◆ **Your assignment**: Retype the data that follows line by line, exactly, and leave its pictures out.

◆ **Source material**:
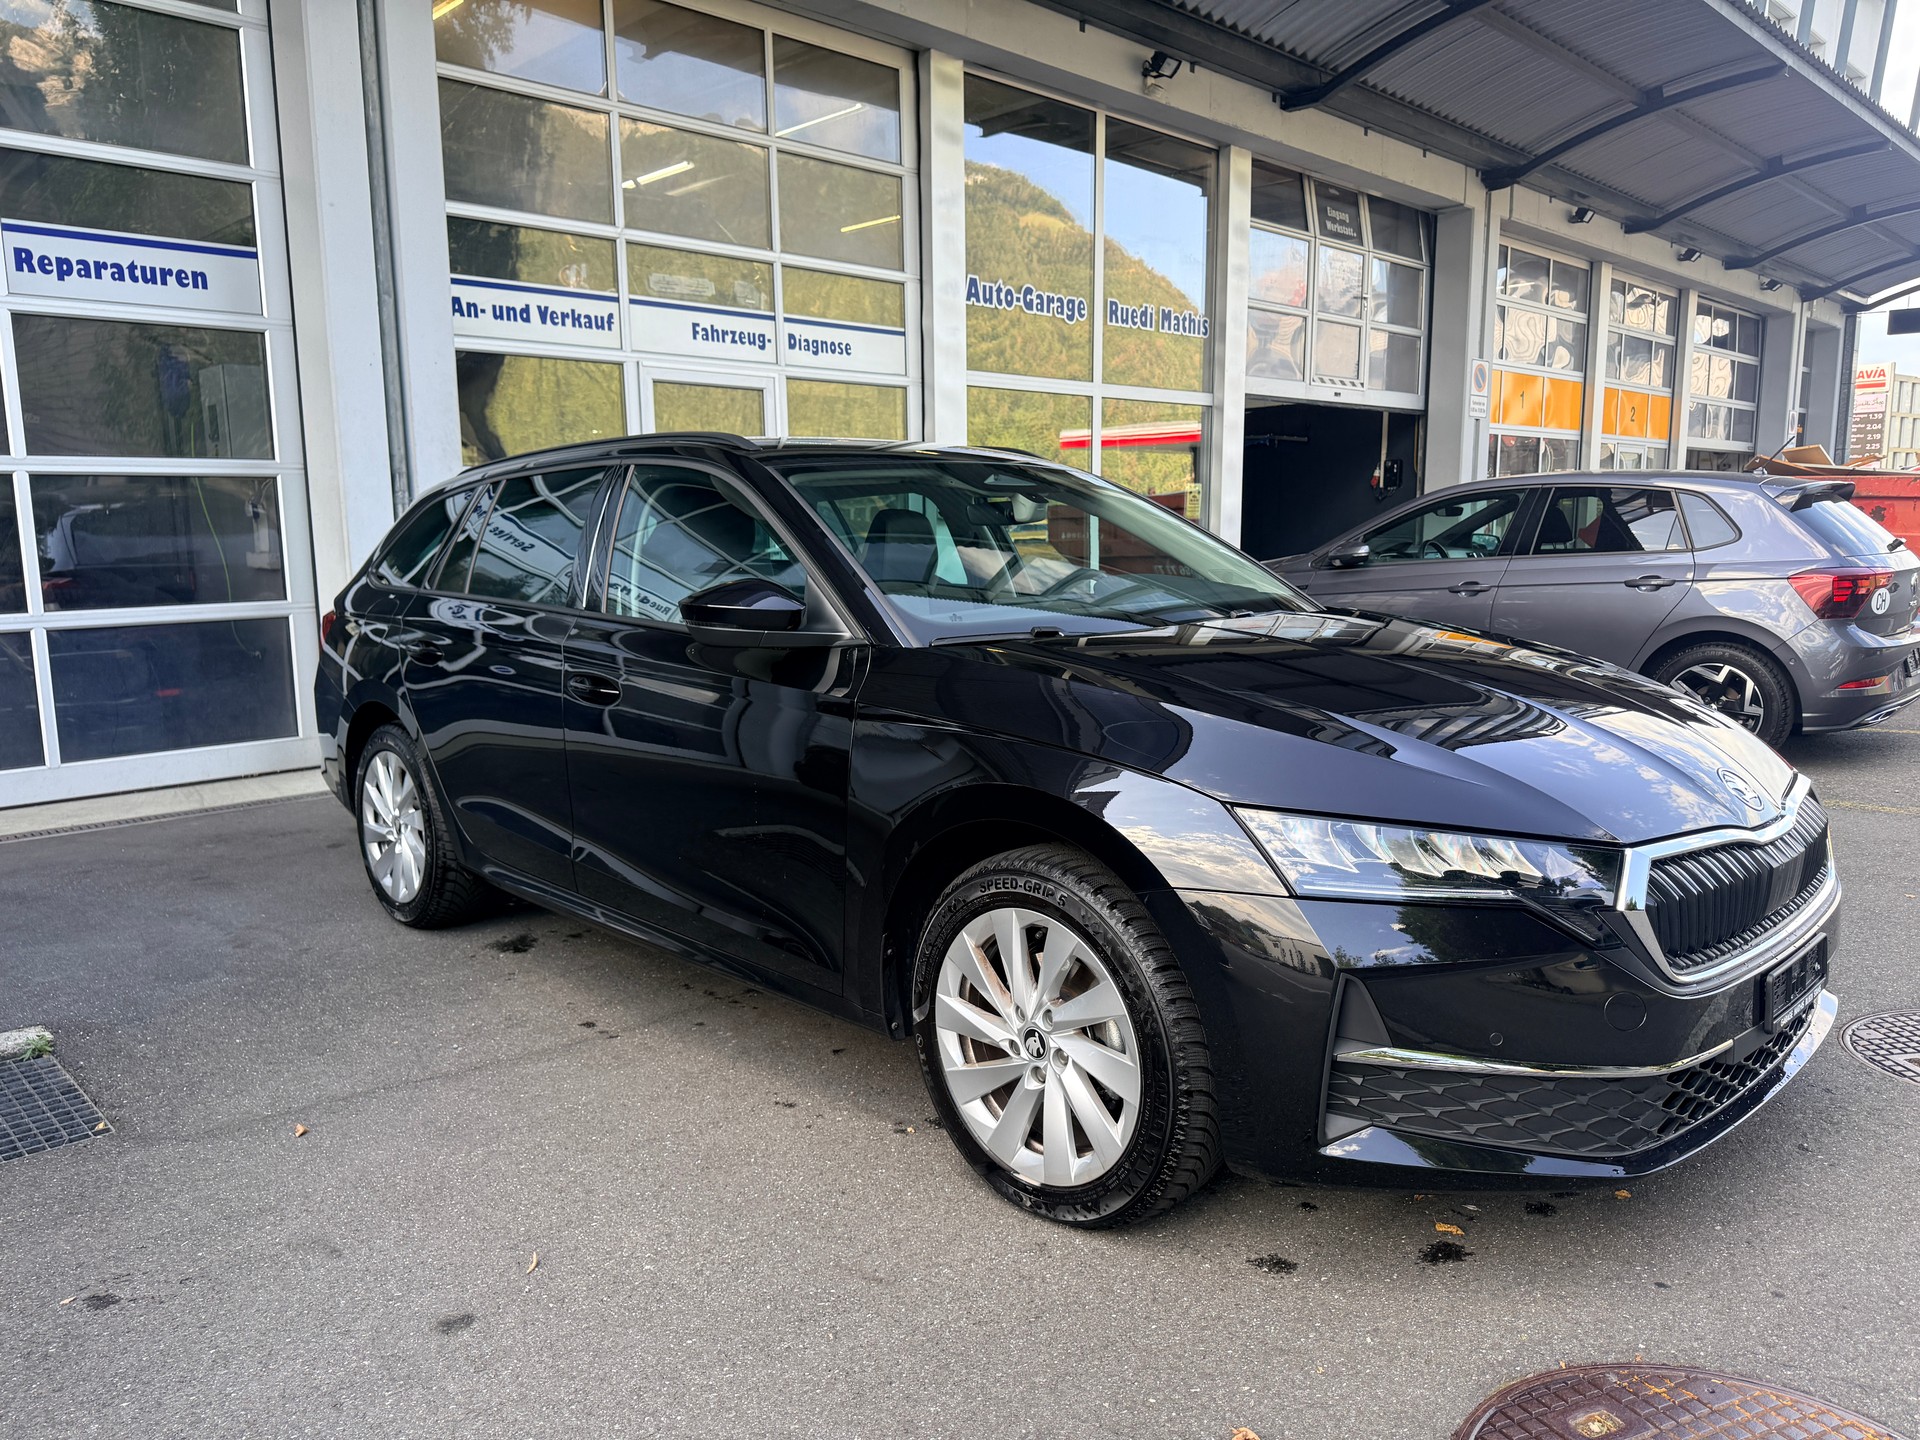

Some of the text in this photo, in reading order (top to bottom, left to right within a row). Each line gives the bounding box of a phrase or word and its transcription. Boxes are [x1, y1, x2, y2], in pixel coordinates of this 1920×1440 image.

[13, 246, 209, 290] Reparaturen
[451, 296, 614, 331] An- und Verkauf
[966, 276, 1210, 338] Auto-Garage Ruedi Mathis
[691, 322, 852, 356] Fahrzeug- Diagnose
[1520, 390, 1525, 409] 1
[1630, 406, 1636, 422] 2
[1876, 592, 1887, 611] CH
[979, 877, 1068, 907] SPEED-GRIP 5
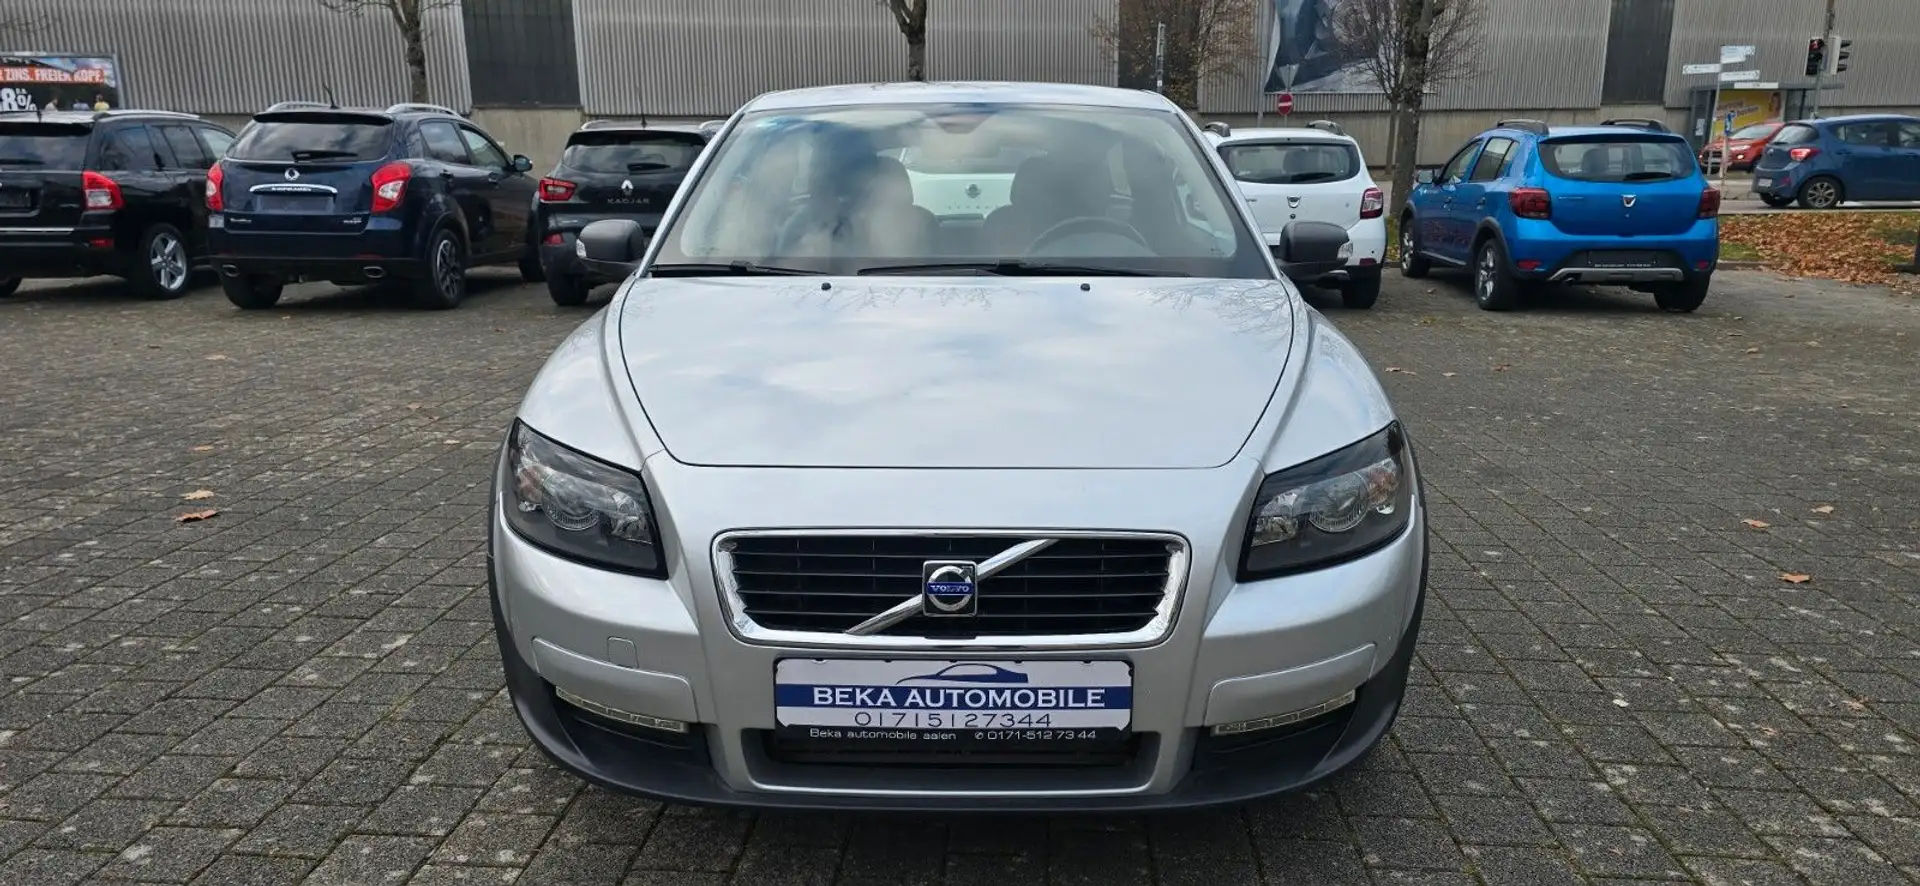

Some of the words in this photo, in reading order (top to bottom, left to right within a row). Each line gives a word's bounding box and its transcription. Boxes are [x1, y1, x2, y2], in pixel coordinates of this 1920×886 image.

[4, 68, 33, 82] ZINS.
[0, 88, 38, 111] 8%
[930, 584, 970, 592] VOLVO
[813, 687, 897, 706] BEKA
[904, 688, 1105, 708] AUTOMOBILE
[854, 711, 1052, 728] 01715127344
[809, 728, 841, 738] Beka
[847, 729, 917, 740] automobile
[987, 730, 1053, 740] 0171-512
[1056, 730, 1074, 740] 73
[1078, 730, 1096, 740] 44
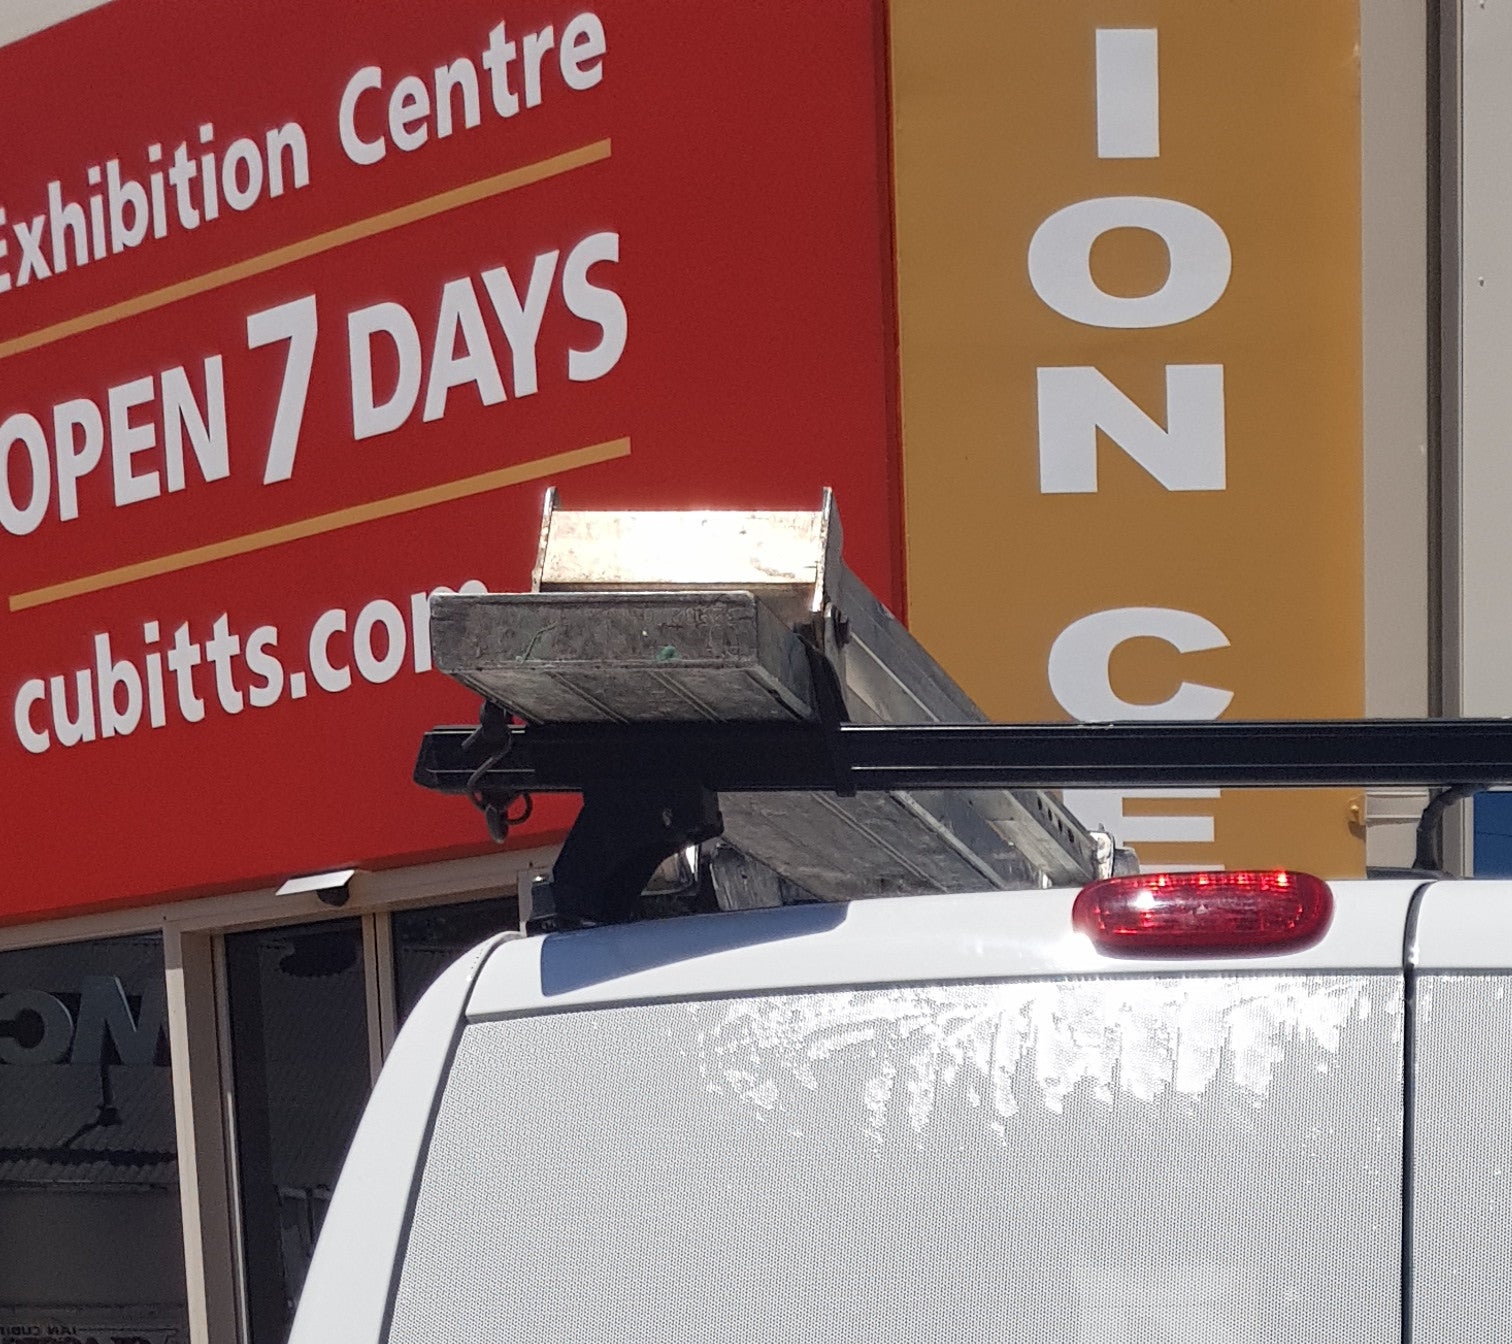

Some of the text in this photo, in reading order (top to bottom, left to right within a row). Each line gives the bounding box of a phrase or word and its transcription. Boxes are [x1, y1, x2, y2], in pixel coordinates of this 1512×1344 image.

[338, 11, 607, 166] Centre
[0, 232, 628, 536] OPEN 7 DAYS
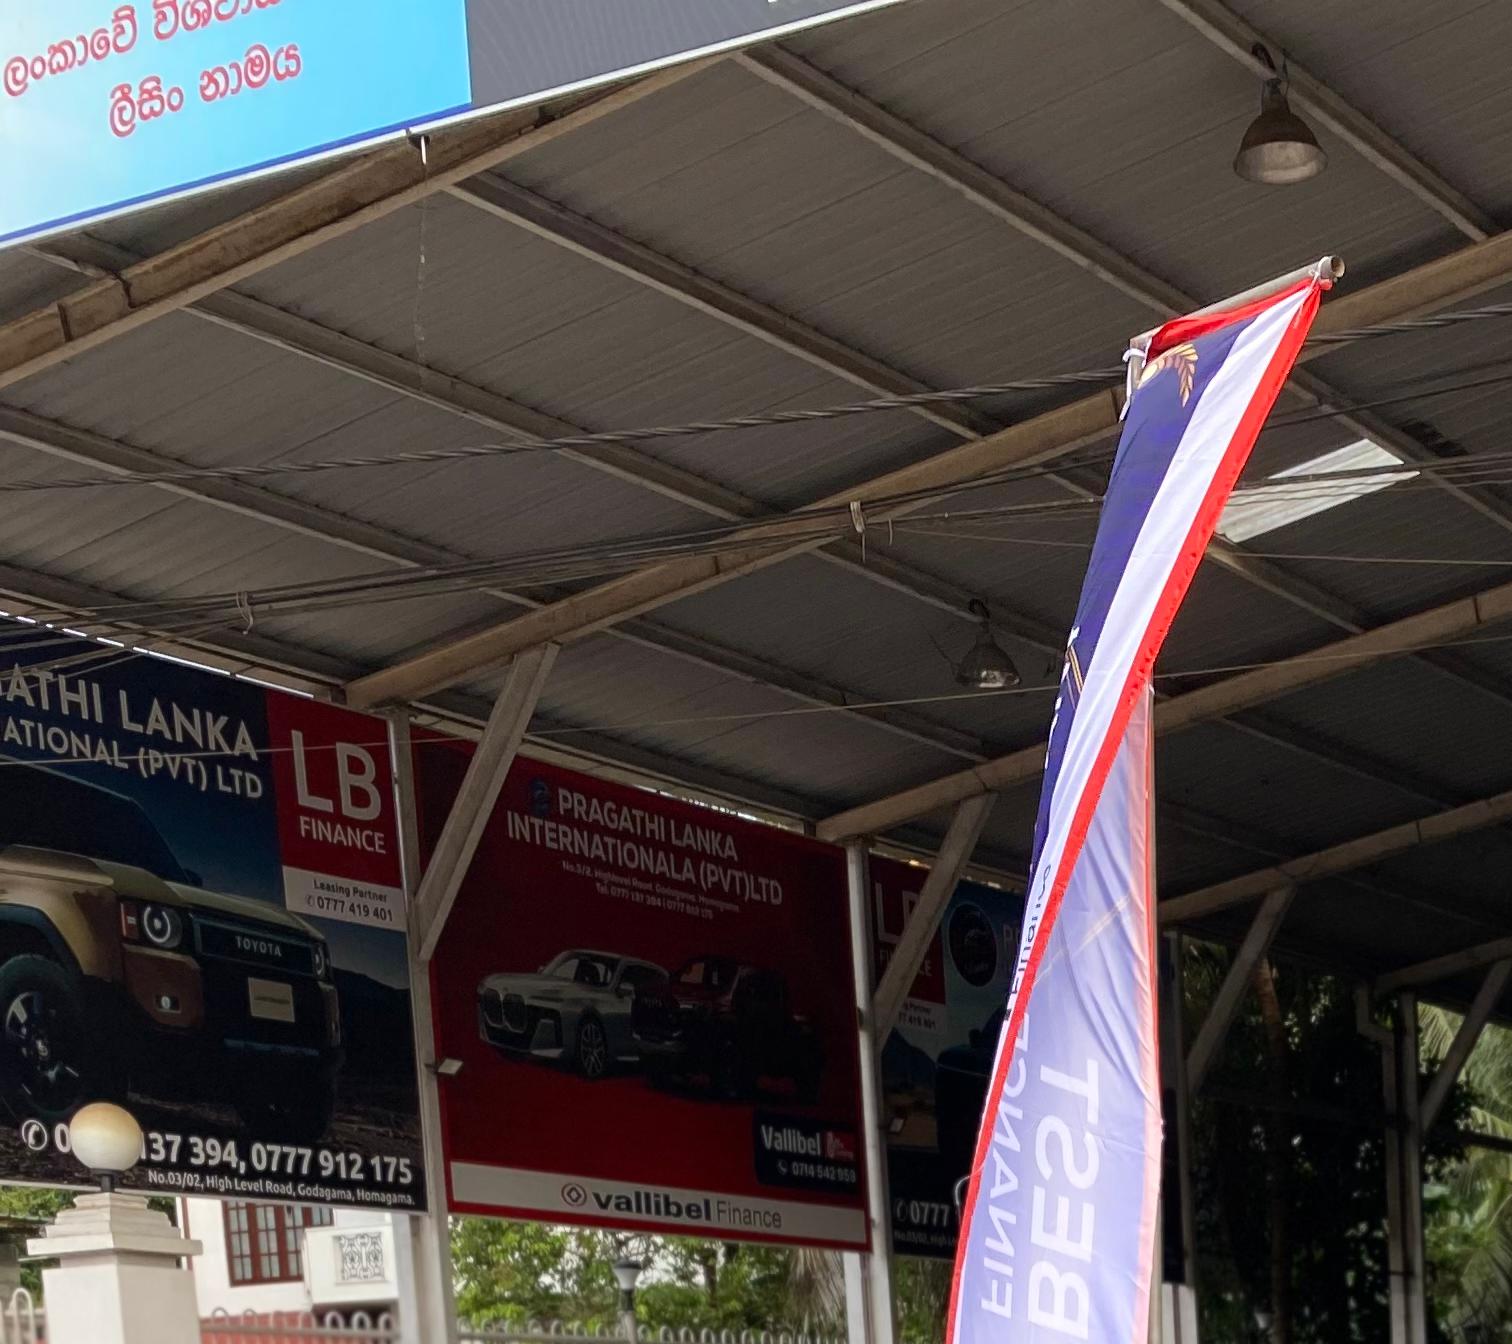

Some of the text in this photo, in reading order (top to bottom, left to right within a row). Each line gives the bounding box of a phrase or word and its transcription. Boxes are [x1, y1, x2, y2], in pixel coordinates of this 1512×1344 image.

◆ **Finished exercise**:
Some of the text in this photo, in reading order (top to bottom, left to right within a row). Each line gives the bounding box of a phrase or word and its transcription. Boxes are [x1, y1, x2, y2], in pixel coordinates of this 1920×1440 image.

[13, 246, 209, 290] Reparaturen
[451, 296, 614, 331] An- und Verkauf
[966, 276, 1210, 338] Auto-Garage Ruedi Mathis
[691, 322, 852, 356] Fahrzeug- Diagnose
[1520, 390, 1525, 409] 1
[1630, 406, 1636, 422] 2
[1876, 592, 1887, 611] CH
[979, 877, 1068, 907] SPEED-GRIP 5

Some of the words in this photo, in reading order (top to bottom, left to right within a row). Each line gives a word's bounding box and its transcription. Boxes are [x1, y1, x2, y2], in pixel coordinates of this 1920×886 image.

[4, 68, 33, 82] ZINS.
[0, 88, 38, 111] 8%
[930, 584, 970, 592] VOLVO
[813, 687, 897, 706] BEKA
[904, 688, 1105, 708] AUTOMOBILE
[854, 711, 1052, 728] 01715127344
[809, 728, 841, 738] Beka
[847, 729, 917, 740] automobile
[987, 730, 1053, 740] 0171-512
[1056, 730, 1074, 740] 73
[1078, 730, 1096, 740] 44

Some of the text in this photo, in reading order (top to bottom, left to right within a row). Each line gives the bounding box of a phrase or word and its transcription. Boxes are [x1, y1, x2, y2], in pixel coordinates of this 1512×1344 image.

[338, 11, 607, 166] Centre
[0, 232, 628, 536] OPEN 7 DAYS

Some of the text in this photo, in reading order (top to bottom, left to right within a row). Each line gives the bounding box of a phrase or word and its transcription. Boxes are [x1, y1, x2, y2], in pixel coordinates of this 1512×1344 image.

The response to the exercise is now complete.